A polêmica dos cegos (O duelo entre Machado de Assis e o maranhense Joaquim Serra)
“Qual dos dois
cegos mais sente/ O penoso estado seu:/ O que cegou por desgraça,/ O que cego
que já nasceu?”
Em
torno dessa intrigante questão, formulada pelo jornal fluminense A Marmota aos seus leitores, o então aprendiz de tipógrafo e aspirante a
poeta Joaquim Maria Machado de Assis
travou, aos 19 anos, sua primeira
discussão pública, ao enfrentar outro Joaquim Maria, o maranhense Joaquim Maria
Serra Sobrinho, de 20 anos - mais tarde um de seus mais diletos amigos- , no
episódio que ficou conhecido como “a polêmica dos cegos”.
A polêmica, que
durou um mês, de 26 de fevereiro a 26 de marco de 1858 – há 161 anos, portanto - exibiu um Machado de
Assis diferente daquele apresentado por seus biógrafos: o do intelectual que
cultivara, durante toda a vida, o “tédio à controvérsia”.
Afinal, à exceção da crítica corrosiva feita ao
escritor português Eça de Queiroz, a propósito
do realismo de “O crime do padre Amaro”, o maior escritor brasileiro sempre
evitara polêmicas, o que não o poupou da fúria dos adversários, como bem descreve
Josué Montello em “Os inimigos de
Machado de Assis” (Nova Fronteira, 1998).
Joaquim
Serra, à época estudante da Escola Militar, no Rio, foi o primeiro a responder
ao desafio do jornal, para o qual Machado trabalhava e colaborava. Os dois não
se conheciam, e só viriam a se conhecer anos depois.
O maranhense
defendeu a tese de que a cegueira por acidente é mais dolorosa do que a cegueira
nata. “A cegueira, isto é, a morte da vista, é a aniquilação da maior parte da
vida. O cego de nascença começa sem essa aniquilação“, argumentou. Para ele,
“não ver é uma privação; ter visto e não ver é um castigo”.
Na edição
seguinte da Marmota, alguns leitores manifestaram-se favoravelmente ao jovem maranhense. Machadinho resolveu, então, entrar na liça. Apresentando-se apenas como As, começou atacando Serra, que, segundo afirma, nada
dissera em seu artigo. “Nem mesmo a razão
sobre que o mesmo Sr. funda a sua opinião”. E contestou, com veemência, todos
os argumentos do articulista. Em inteligente digressão filosófica, sustentou,
citando Descartes e Locke, que nascer sem a visão é pior do que perdê-la.
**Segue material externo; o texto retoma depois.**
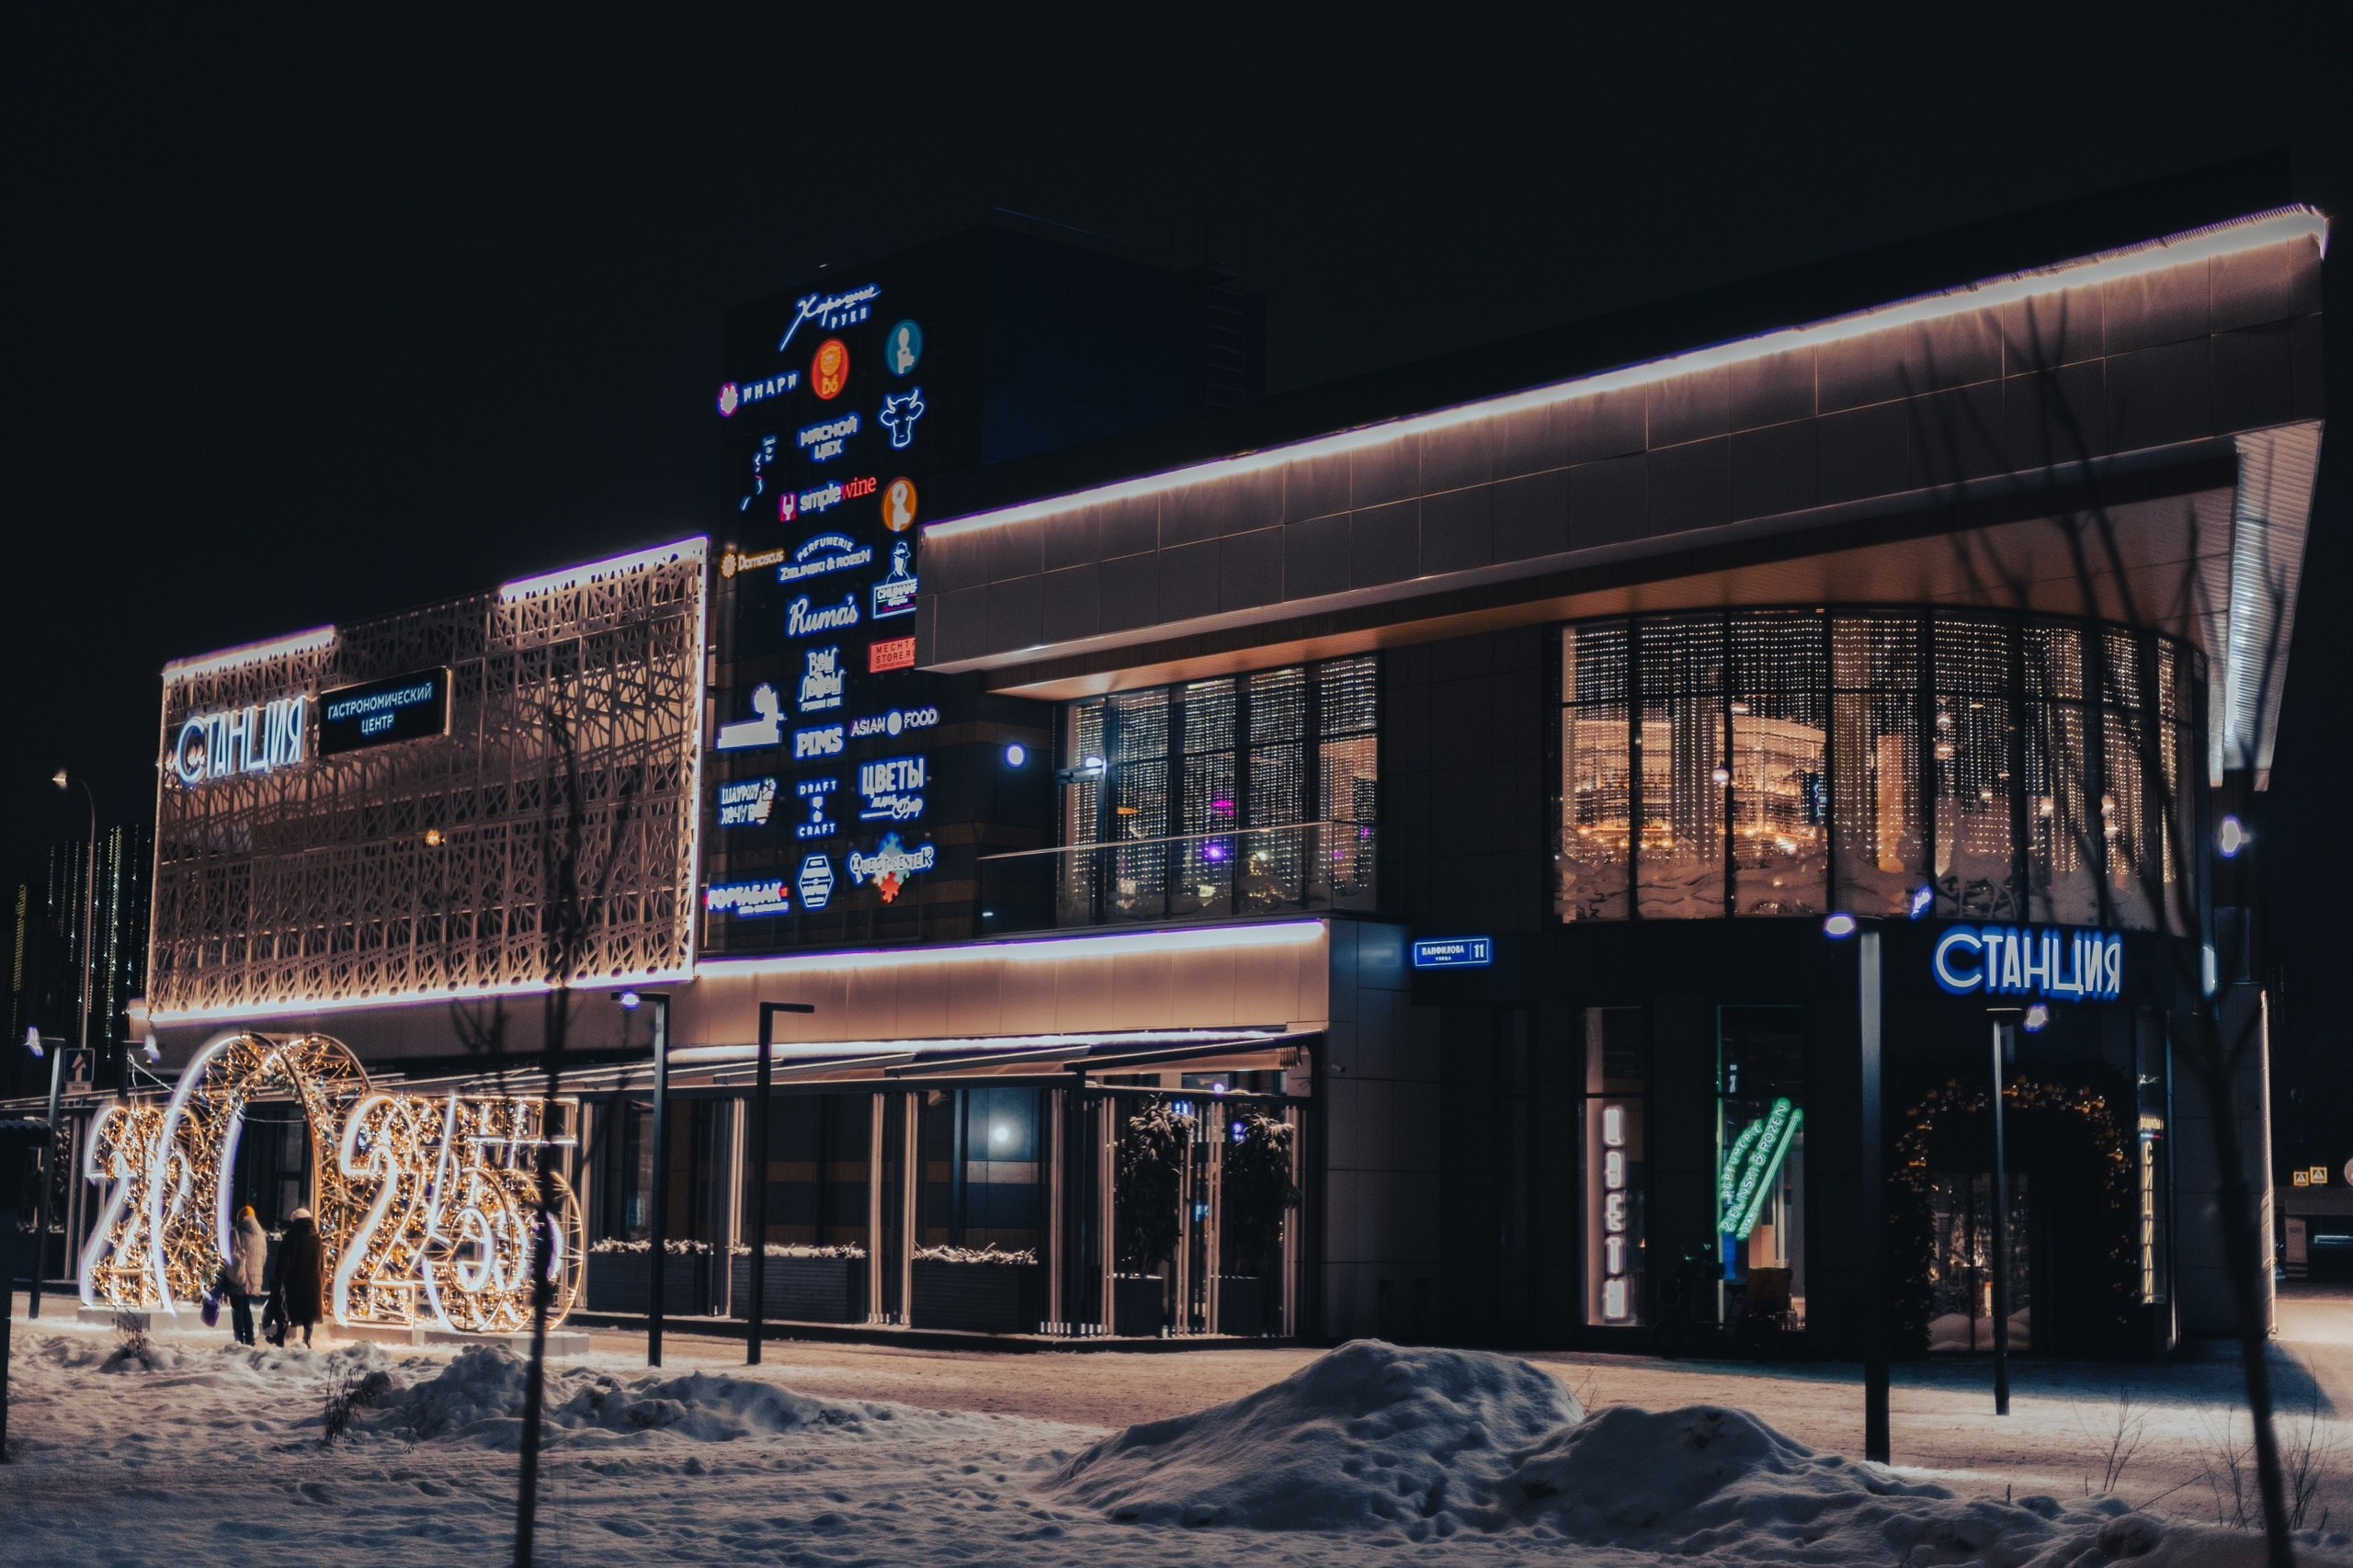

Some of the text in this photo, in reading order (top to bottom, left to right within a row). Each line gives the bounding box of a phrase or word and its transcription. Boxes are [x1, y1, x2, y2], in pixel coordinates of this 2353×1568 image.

[801, 416, 858, 446] МЯСНОЙ
[815, 440, 842, 460] ЦЕХ
[738, 551, 783, 571] Damascus
[797, 537, 853, 562] PERFUMERIE
[327, 682, 432, 720] ГАСТРОНОМИЧЕСКИЙ
[361, 714, 393, 734] ЦЕНТР
[852, 709, 937, 736] ASIAN FOOD
[177, 695, 306, 783] СТАНЦИЯ
[797, 728, 843, 757] PIMS
[800, 781, 837, 796] DRAFT
[862, 758, 924, 799] ЦВЕТЫ
[799, 824, 835, 836] CRAFT
[1422, 944, 1484, 958] ПАНФИЛОВА 11
[1936, 933, 2120, 994] СТАНЦИЯ
[1759, 1105, 1788, 1151] ROZEN
[2141, 1140, 2154, 1304] СИЦИЛИ
O
cego de nascença não tem sequer a ideia exata dos objetos, afirmou.
Autor de “A
juventude de Machado de Assis” (Civilização Brasileira, 1971), o francês
Jean-Michel Massa observou que, com esse embate, aos 19 anos, Machado já
manipulava, com mestria, ideias e
conceitos. “Uma cultura tão vasta num jovem dessa idade, já era espantosa”, ele
diz. O biógrafo também destaca a inteligência do oponente, dono de “uma cultura
muito volumosa”, mas não tem dúvida de que Machado triunfou.
Após essa discussão, Joaquim
Serra retornou ao Maranhão, para dedicar-se à poesia, ao jornalismo e ao
magistério. A discussão era assunto do passado. Encontrava-se na Paraíba, como secretário de governo, quando, em 1864, foi apresentado à Corte por Machado
de Assis, em artigo publicado no Diário
do Rio de Janeiro.
Em 1868, Serra mudou-se
definitivamente para o Rio, e, como jornalista, transformou-se num dos maiores ativistas da causa
da Abolição, ao lado de Joaquim Nabuco, André Rebouças, José do Patrocínio e
Luís Gama. Tornou-se, então, amigo e confidente
de Machado de Assis. Muitas cartas que os dois trocaram estão publicadas no
tomo II da “Correspondência de Machado de Assis”, organizado por Sergio Paulo
Rouanet (ABL, 2009)
Os dois, porém, jamais
se referiram, em suas obras e na correspondência, à polêmica sobre os cegos, o
que gerou dúvida, levantada por Jean-Michel Massa, mas desfeita por outros
biógrafos (José Galante de Sousa, Raimundo Magalhães Jr. etc), sobre a
identidade do adversário de Machado.
Quando Serra
morreu, pouco antes da assinatura da Lei Áurea, Machado, o já consagrado autor
de “Dom Casmurro”, publicou, no Diário do
Rio de Janeiro de 5 de novembro de 1888, uma de suas mais comovidas
crônicas. Nela se refere a Serra como “o amado amigo”, “o homem que havia
ajudado a soletrar a liberdade no Brasil”. Em 1897, ao fundar a Academia Brasileira
de Letras, escolheu-o como patrono da cadeira número 21.
Nos
três artigos que, ainda adolescente, escreveu para a Marmota, para contestar o futuro amigo, já estavam presentes alguns
traços da inteligência e do estilo que fariam de Machado de Assis o maior
escritor brasileiro de todos os tempos.
O que comprova o
acerto da observação de Joaquim Nabuco, segundo a qual “ninguém escreve nunca senão
com o seu periodo, a sua medida, Renan diria a sua eurritmia, dos 21 anos” (Minha
Formação (Edições do Senado).
Há
161 anos, a propósito de uma discussão sobre a cegueira - tema que ainda hoje divide opiniões - estava nascendo, e ninguém percebeu, “um gênio brasileiro”, como o qualificou o
jornalista Daniel Pizza no título da mais recente biografia do Bruxo do Cosme
Velho (Editora Imprensa Oficial, 2005). Como se vê, um gênio zangado.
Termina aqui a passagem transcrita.